Exercise: Should any entry look odd, write it out exactly anyway, along with all the rest.

========

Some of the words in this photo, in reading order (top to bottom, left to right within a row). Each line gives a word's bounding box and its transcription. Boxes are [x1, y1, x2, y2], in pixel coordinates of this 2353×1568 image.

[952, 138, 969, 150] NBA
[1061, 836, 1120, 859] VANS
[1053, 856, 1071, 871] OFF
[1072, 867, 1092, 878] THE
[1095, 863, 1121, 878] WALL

========

Exercise answer:
Some of the words in this photo, in reading order (top to bottom, left to right within a row). Each line gives a word's bounding box and its transcription. Boxes are [x1, y1, x2, y2], in pixel coordinates of this 2353×1568 image.

[952, 138, 969, 150] NBA
[1061, 836, 1120, 859] VANS
[1053, 856, 1071, 871] OFF
[1072, 867, 1092, 878] THE
[1095, 863, 1121, 878] WALL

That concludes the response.